Image Credit – Going Green Media

1. How did the idea of Going Green Media come about? 

We met on Instagram and it was a domino effect for us. Ben studied architecture and became vegan in 2019, while I became vegan in 2013 and grew up surrounded by and spending a lot of time in nature in Florida. With these influences, we just both naturally gravitated toward learning about protecting the beauty of our respective environments, as well as over time learning about the detrimental impact of animal agriculture on climate change. 

In starting Going Green in 2019, Ben wanted the channel to initially focus solely on sustainable architecture, which is what he was most familiar with talking about. Upon my joining the business in 2020, we both realised that there was so much more potential to cover the many aspects and opportunities in the field of sustainability. 

We also really wanted to be a positive voice, and not so much focus on the doom and gloom of the world. Of course, it’s important to educate yourself about the truth of every situation, but we really wanted to emphasise the fact that there are people and businesses out there working their hardest to make a difference either globally or just within their local communities. From this, I think we hope that more and more people will continue to get involved with green projects, or even start their own.

Our business goals continue to develop and change as the world does too. We want to make Going Green a household name, as well as the source for many people on eco-positivity. Whether that’s through both long- and short-form content, documentary films and series, the possibilities are endless and we really can’t wait to keep exploring them…so stay tuned!

2. Unlike mainstream media, your focus is inspiring projects that produce solutions and people’s stories. Do you think those who produce solutions are sufficient, or are we just at the beginning of the journey in this regard?

Our goal is to amplify the voices and stories of green projects around the world that are either offering new solutions to global problems, or are reframing how we approach various aspects of our lives. We believe that the world is really just at the beginning of this incredible journey, and still has such a long way to go! A lot of the people that we meet and green projects that we film really are acting as the trailblazers for a more environmentally-friendly future, which is so inspiring for us! Sometimes reinventing the wheel isn’t necessary for mass societal change, but instead it’s the small changes in ideology or in one’s habits that can really make all the difference over time.

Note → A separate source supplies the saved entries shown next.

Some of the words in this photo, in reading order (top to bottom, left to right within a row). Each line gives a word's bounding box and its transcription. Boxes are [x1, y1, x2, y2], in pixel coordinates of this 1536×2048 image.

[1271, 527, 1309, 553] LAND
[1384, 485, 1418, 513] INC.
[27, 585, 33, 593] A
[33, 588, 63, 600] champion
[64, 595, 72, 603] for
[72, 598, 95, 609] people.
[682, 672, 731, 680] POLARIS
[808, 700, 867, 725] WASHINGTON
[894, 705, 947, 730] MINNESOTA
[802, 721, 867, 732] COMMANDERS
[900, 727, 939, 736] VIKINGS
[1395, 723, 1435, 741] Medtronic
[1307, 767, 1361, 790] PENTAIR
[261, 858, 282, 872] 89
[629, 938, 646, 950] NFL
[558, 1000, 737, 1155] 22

3. Whose story or project among those that you have filmed so far has impressed you the most? 

I don’t think we could ever pick just one favourite, because the whole point of Going Green is that we’re constantly covering ideas and innovations that are sustainable in different ways. Some of the projects we visit are super high-tech and have been developed by extremely qualified and incredible engineers, doctors, and scientists, while others are just the passion-projects-turned-businesses of everyday people who love what they do. The most impressive thing for us, I think, is the passion and dedication of the people we meet, and all of that is really evidenced in what they do.

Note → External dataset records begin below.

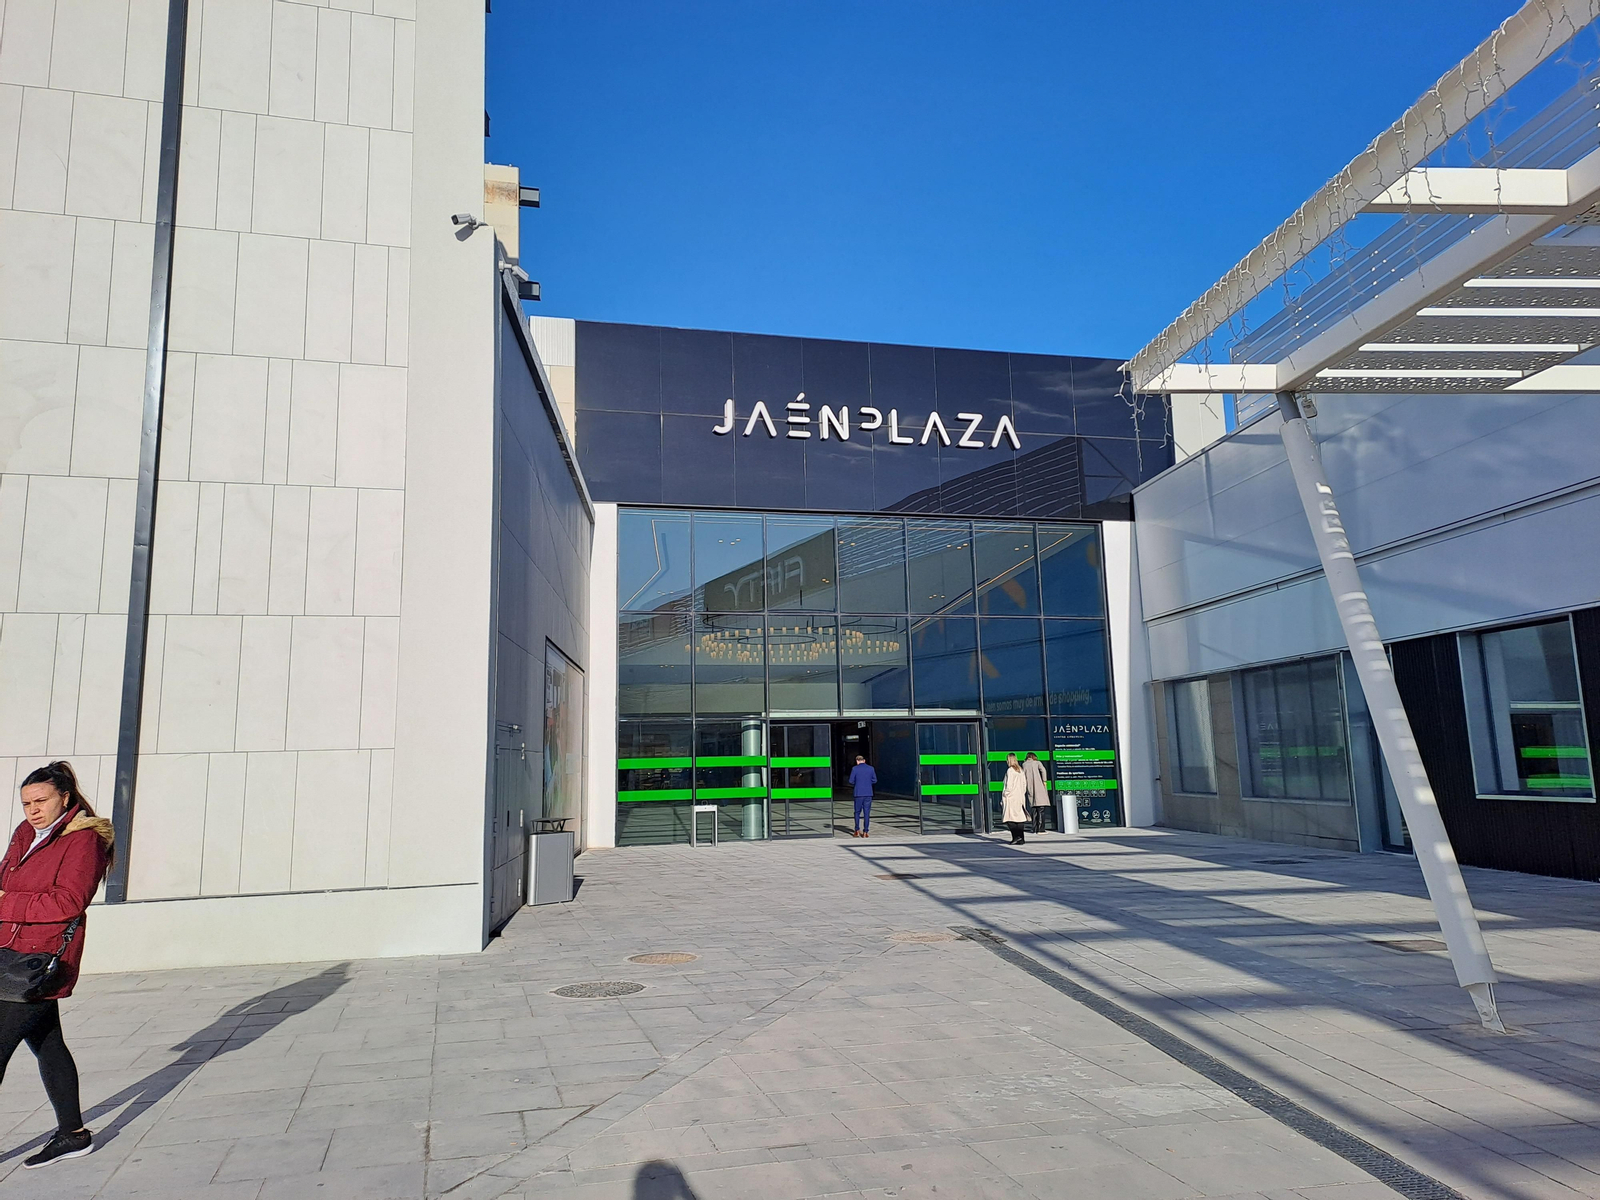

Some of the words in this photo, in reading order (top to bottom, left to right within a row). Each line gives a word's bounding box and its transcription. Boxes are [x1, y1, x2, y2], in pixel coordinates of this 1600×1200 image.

[712, 392, 1022, 450] JAÉNPLAZA
[996, 700, 1012, 712] somos
[1013, 698, 1025, 712] muy
[1025, 694, 1033, 708] de
[1049, 691, 1057, 706] de
[1053, 723, 1110, 733] JAÉNPLAZA

4. What does the working process of Going Green Media look like? 

We’re both extremely dedicated and stubborn hard workers, so the core of our business is thoroughly vetting every brand or project we work with, as well as sticking by our values in everything we do. We never want to be influencers who just push a product or campaign for the sake of a pay check, so before choosing to film a green project or be a part of a campaign for a brand, we question everything about their ethics, track record, and the true sustainability of what they’re creating. Regardless of whether we have reached out to a project or if they’ve found us, we still do the same kind of research and evaluation to make sure it’s something we are proud to stand behind and be affiliated with.

5. How do you distinguish true practitioners of sustainability?

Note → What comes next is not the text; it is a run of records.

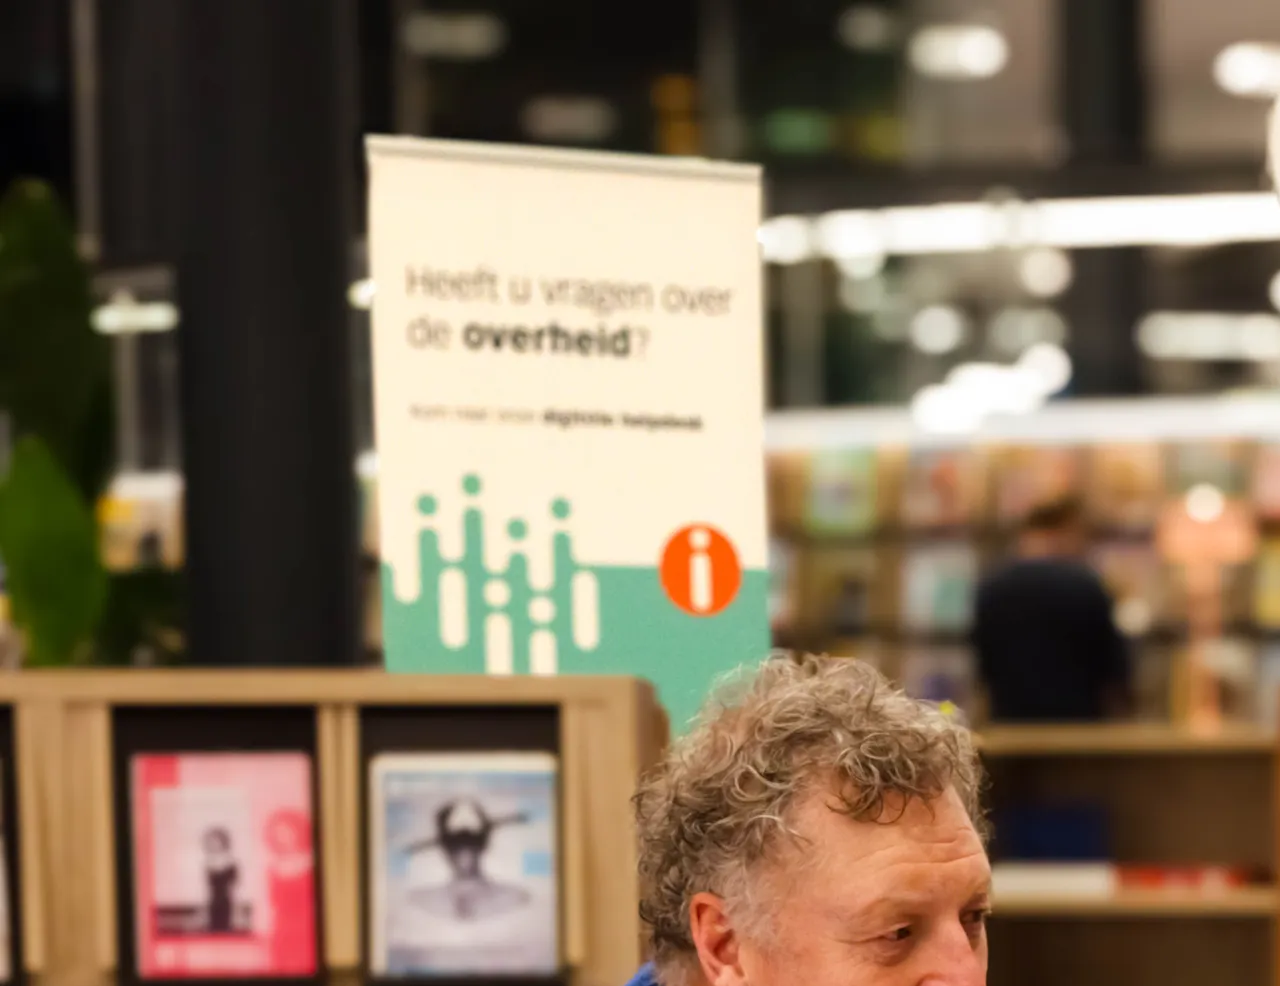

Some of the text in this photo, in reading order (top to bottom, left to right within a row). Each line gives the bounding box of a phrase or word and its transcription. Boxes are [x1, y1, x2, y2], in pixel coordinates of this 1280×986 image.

[404, 263, 736, 316] Heeft u vragen over
[406, 315, 651, 359] de overheid?
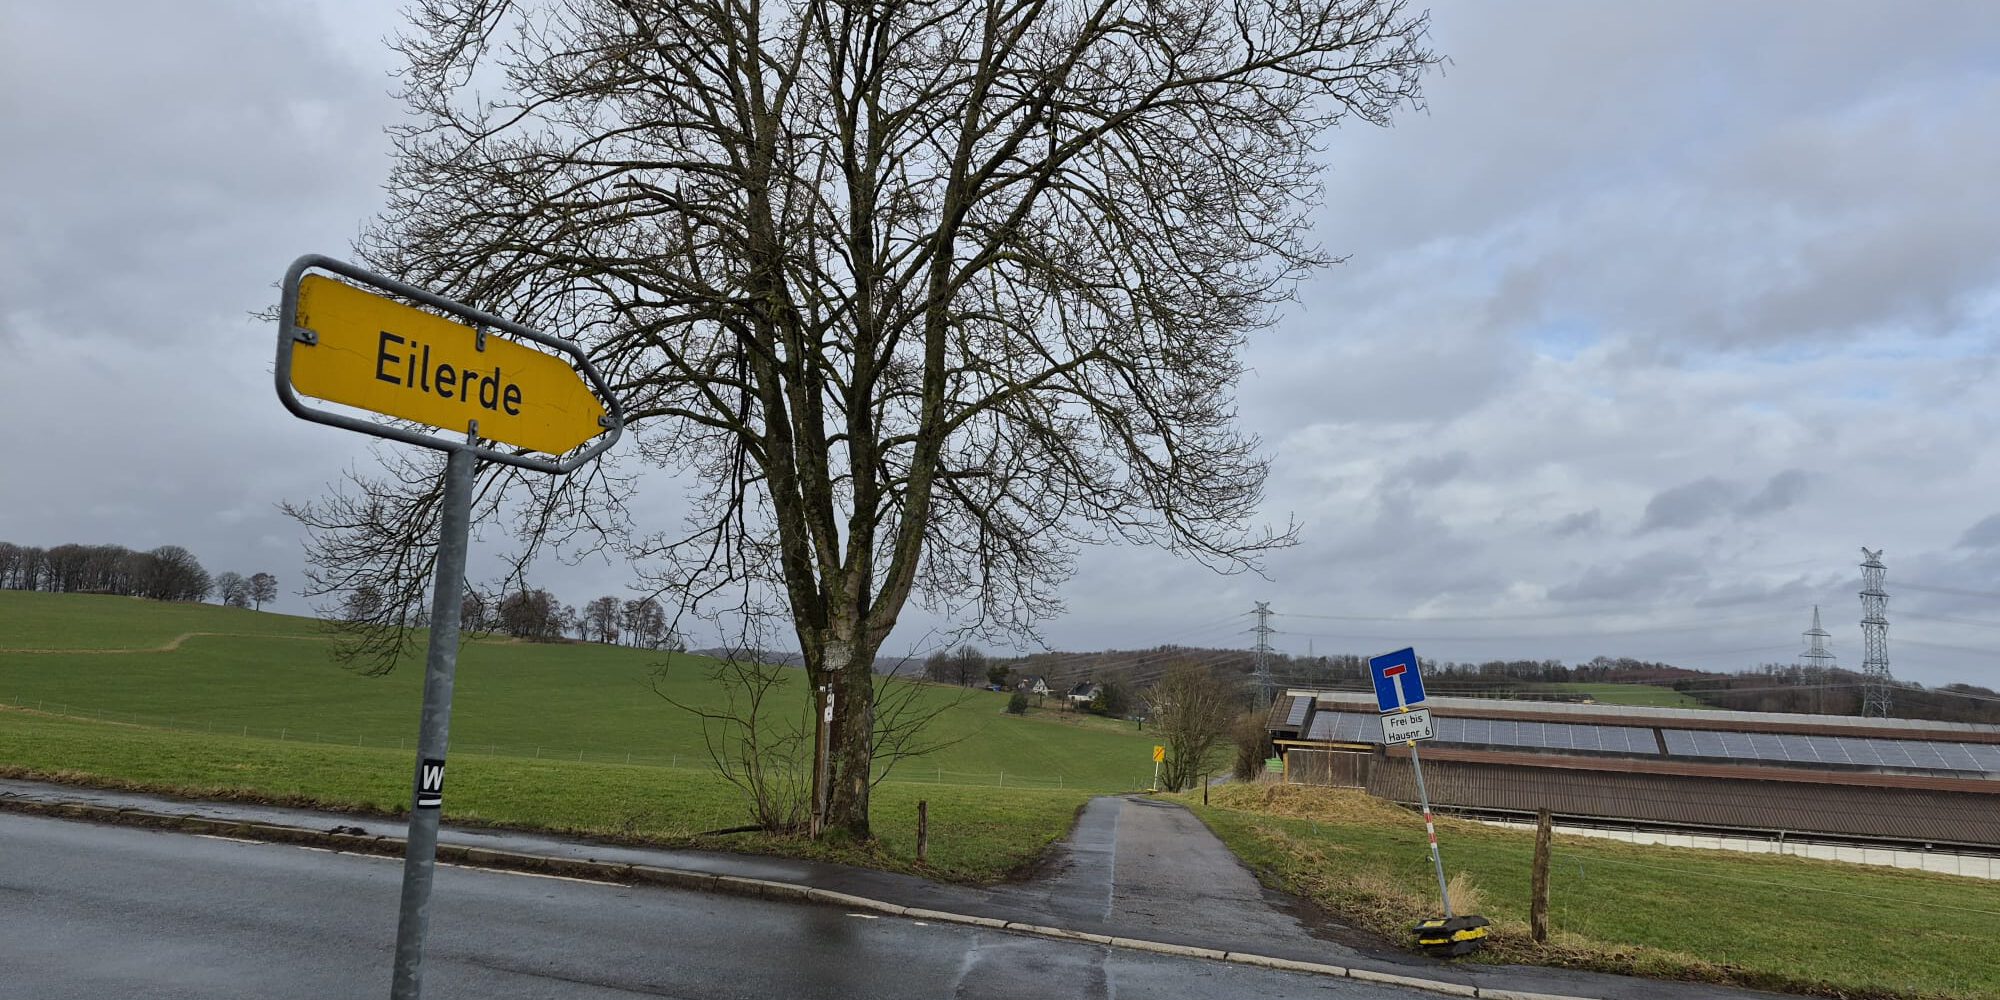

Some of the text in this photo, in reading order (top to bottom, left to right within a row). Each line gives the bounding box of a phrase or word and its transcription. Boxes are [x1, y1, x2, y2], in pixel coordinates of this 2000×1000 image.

[376, 331, 522, 416] Eilerde
[1390, 714, 1424, 728] Frei bis
[1388, 726, 1430, 742] Hausnr. 6
[423, 765, 445, 790] W

There are so many pros and cons to the growth in popularity of sustainable products and buzzwords. Of course, we want as many people as possible to make sustainable decisions and create truly eco-conscious habits, but there will always be profit-hungry companies looking to exploit this public desire to know more and be better. Greenwashing, or labelling your products as eco friendly without actually making any substantial changes to how your products’ creation and sales impact the environment, really is the worst! We’re often approached by companies who want us to promote their “sustainable” or “degradable” products, but it only takes a quick look at either their websites or social channels to realise that they’re not actually doing anything different to help the planet. 

Also, when we say “help the planet”, this doesn’t stop at a product being, for example, plastic-free, plant-based, or checking whether it comes in compostable packaging. We also look at, for example, how that company’s workers are treated, how the people who source the raw materials for a product are valued and compensated, if the company is transparent in its business practices or not, and what companies do to offset the carbon emissions created by manufacturing and shipping the product to consumers. If a company holds any certifications like being a B-Corp, this really boosts their popularity and our willingness to work with them. I know this sounds really time-consuming or energy-intensive, but so much information is available just to be searched online, so we really try to make use of these publicly available tools. 

6. Is it hard to go to countries other than England and shoot projects and how do you find financing?

Sometimes we wish there could be duplicates of us to create even more videos! We have filmed probably over one hundred videos for Going Green, but with more and more incredible green projects popping up all over the world, we hope to continue to film for many years to come to hopefully one day have a library of thousands! 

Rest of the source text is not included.